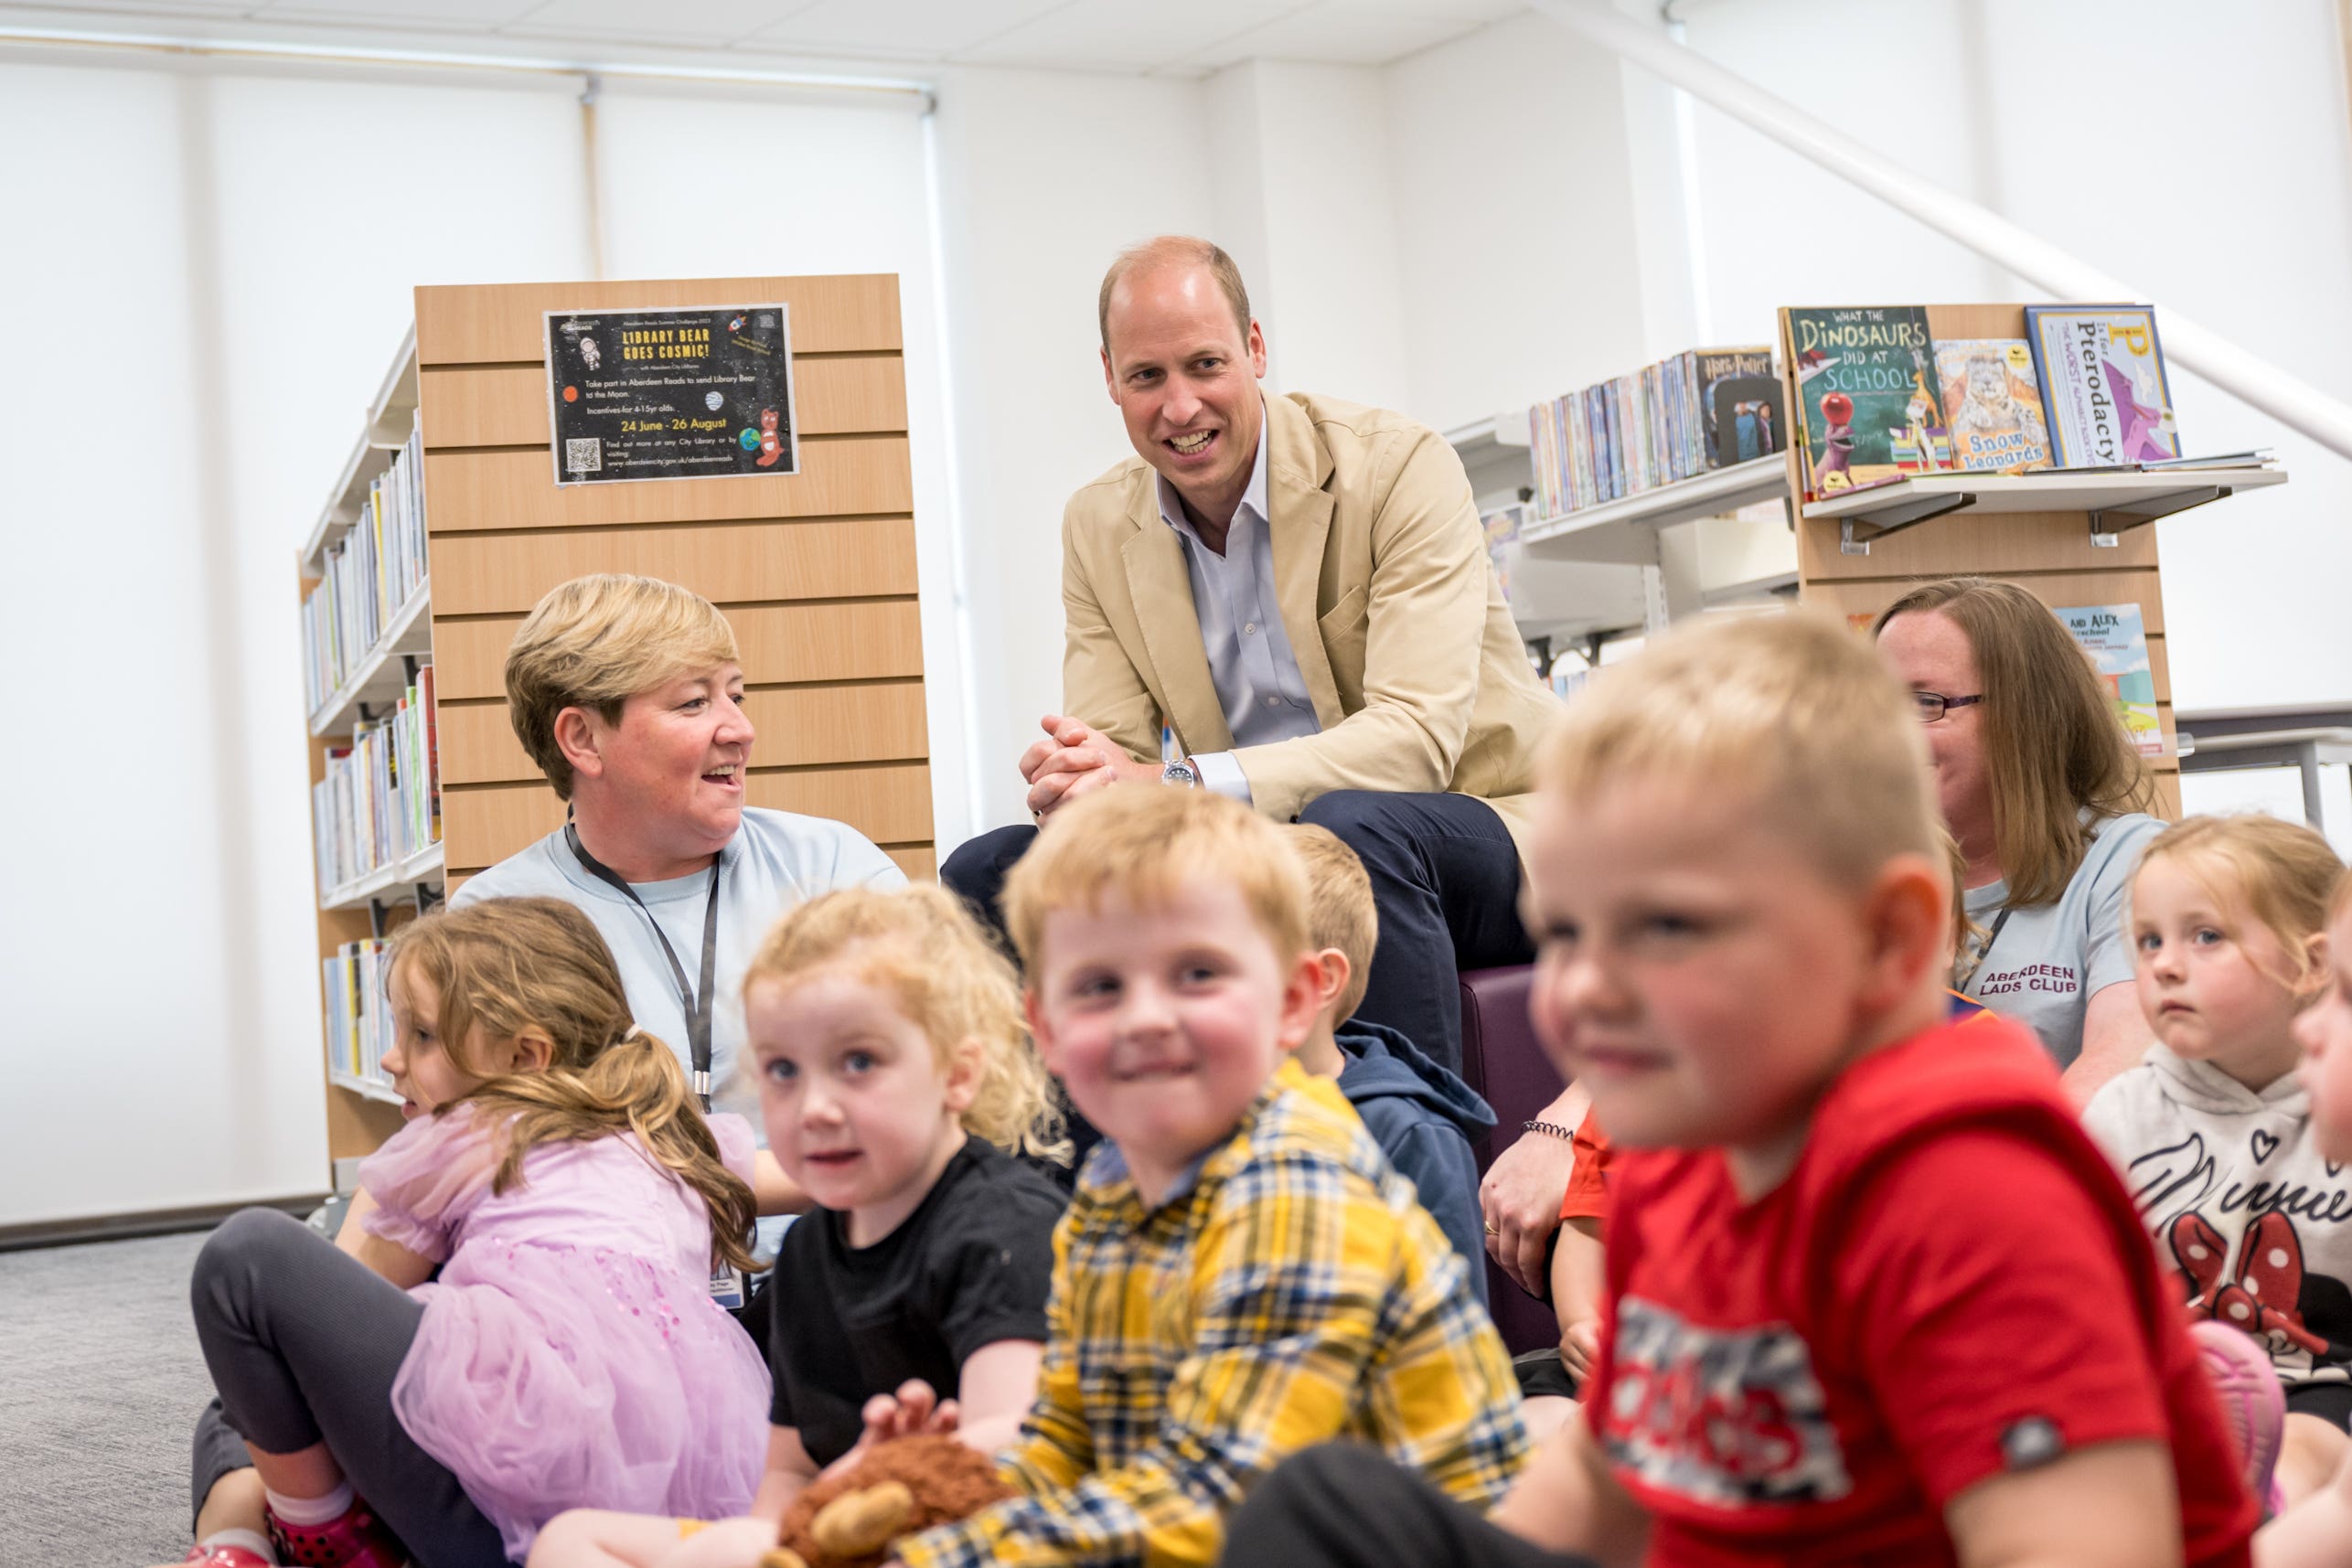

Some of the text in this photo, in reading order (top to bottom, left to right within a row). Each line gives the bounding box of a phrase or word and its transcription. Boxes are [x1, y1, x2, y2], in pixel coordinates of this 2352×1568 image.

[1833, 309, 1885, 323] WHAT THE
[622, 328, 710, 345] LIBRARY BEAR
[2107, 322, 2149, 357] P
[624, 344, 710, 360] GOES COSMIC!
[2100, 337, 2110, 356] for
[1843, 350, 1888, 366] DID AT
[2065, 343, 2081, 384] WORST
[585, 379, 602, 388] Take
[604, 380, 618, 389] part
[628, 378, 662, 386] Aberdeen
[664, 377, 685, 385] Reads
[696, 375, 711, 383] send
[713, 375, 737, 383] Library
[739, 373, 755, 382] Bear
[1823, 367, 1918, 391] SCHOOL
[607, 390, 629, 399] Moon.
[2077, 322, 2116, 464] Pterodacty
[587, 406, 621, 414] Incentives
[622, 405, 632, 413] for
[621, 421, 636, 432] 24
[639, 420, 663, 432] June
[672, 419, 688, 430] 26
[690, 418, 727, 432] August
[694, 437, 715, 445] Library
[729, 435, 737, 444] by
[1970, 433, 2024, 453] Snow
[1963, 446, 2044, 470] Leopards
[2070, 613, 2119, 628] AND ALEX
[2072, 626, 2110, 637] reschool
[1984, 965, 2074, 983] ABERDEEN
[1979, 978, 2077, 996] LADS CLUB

WHAT THE TASK REQUIRES
Give back the material above word for word; no picture belongs in it.

WORKED SOLUTION
Some of the text in this photo, in reading order (top to bottom, left to right within a row). Each line gives the bounding box of a phrase or word and its transcription. Boxes are [x1, y1, x2, y2], in pixel coordinates of this 2352×1568 image.

[1833, 309, 1885, 323] WHAT THE
[622, 328, 710, 345] LIBRARY BEAR
[2107, 322, 2149, 357] P
[624, 344, 710, 360] GOES COSMIC!
[2100, 337, 2110, 356] for
[1843, 350, 1888, 366] DID AT
[2065, 343, 2081, 384] WORST
[585, 379, 602, 388] Take
[604, 380, 618, 389] part
[628, 378, 662, 386] Aberdeen
[664, 377, 685, 385] Reads
[696, 375, 711, 383] send
[713, 375, 737, 383] Library
[739, 373, 755, 382] Bear
[1823, 367, 1918, 391] SCHOOL
[607, 390, 629, 399] Moon.
[2077, 322, 2116, 464] Pterodacty
[587, 406, 621, 414] Incentives
[622, 405, 632, 413] for
[621, 421, 636, 432] 24
[639, 420, 663, 432] June
[672, 419, 688, 430] 26
[690, 418, 727, 432] August
[694, 437, 715, 445] Library
[729, 435, 737, 444] by
[1970, 433, 2024, 453] Snow
[1963, 446, 2044, 470] Leopards
[2070, 613, 2119, 628] AND ALEX
[2072, 626, 2110, 637] reschool
[1984, 965, 2074, 983] ABERDEEN
[1979, 978, 2077, 996] LADS CLUB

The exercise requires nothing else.